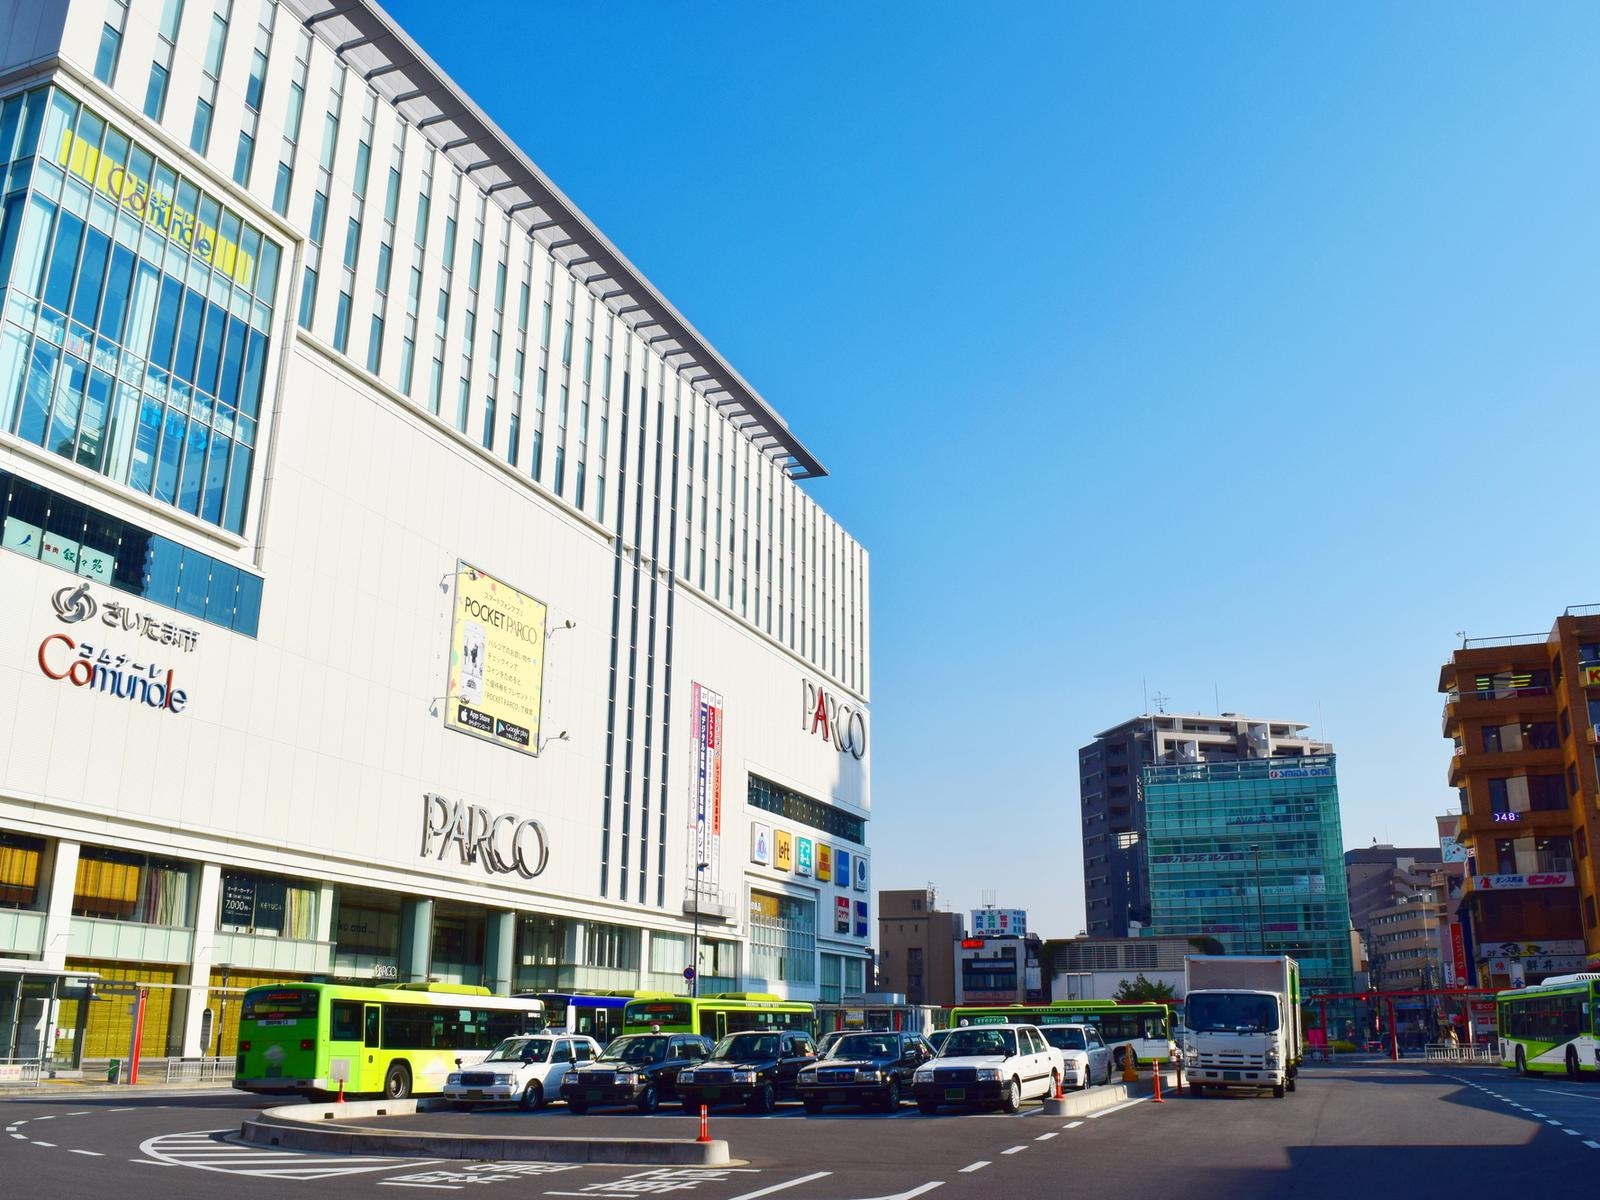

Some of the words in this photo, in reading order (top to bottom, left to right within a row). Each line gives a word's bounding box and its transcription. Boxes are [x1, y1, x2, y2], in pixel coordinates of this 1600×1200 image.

[102, 601, 201, 653] さいたま市
[465, 596, 505, 629] POCKET
[506, 616, 537, 645] PARCO
[38, 633, 188, 714] Comunale
[79, 642, 163, 678] コムナーレ
[470, 710, 479, 720] App
[480, 713, 490, 723] Store
[506, 724, 520, 736] Google
[801, 677, 866, 761] PARCO
[419, 792, 550, 880] PARCO
[779, 839, 790, 861] Loft
[1171, 854, 1225, 864] カラオケ

_____

> _TASK DIRECTIONS_:
Copy each line of the listing exactly, skipping any picture.

> _RESULT OF THE TASK_:
Some of the words in this photo, in reading order (top to bottom, left to right within a row). Each line gives a word's bounding box and its transcription. Boxes are [x1, y1, x2, y2], in pixel coordinates of this 1600×1200 image.

[102, 601, 201, 653] さいたま市
[465, 596, 505, 629] POCKET
[506, 616, 537, 645] PARCO
[38, 633, 188, 714] Comunale
[79, 642, 163, 678] コムナーレ
[470, 710, 479, 720] App
[480, 713, 490, 723] Store
[506, 724, 520, 736] Google
[801, 677, 866, 761] PARCO
[419, 792, 550, 880] PARCO
[779, 839, 790, 861] Loft
[1171, 854, 1225, 864] カラオケ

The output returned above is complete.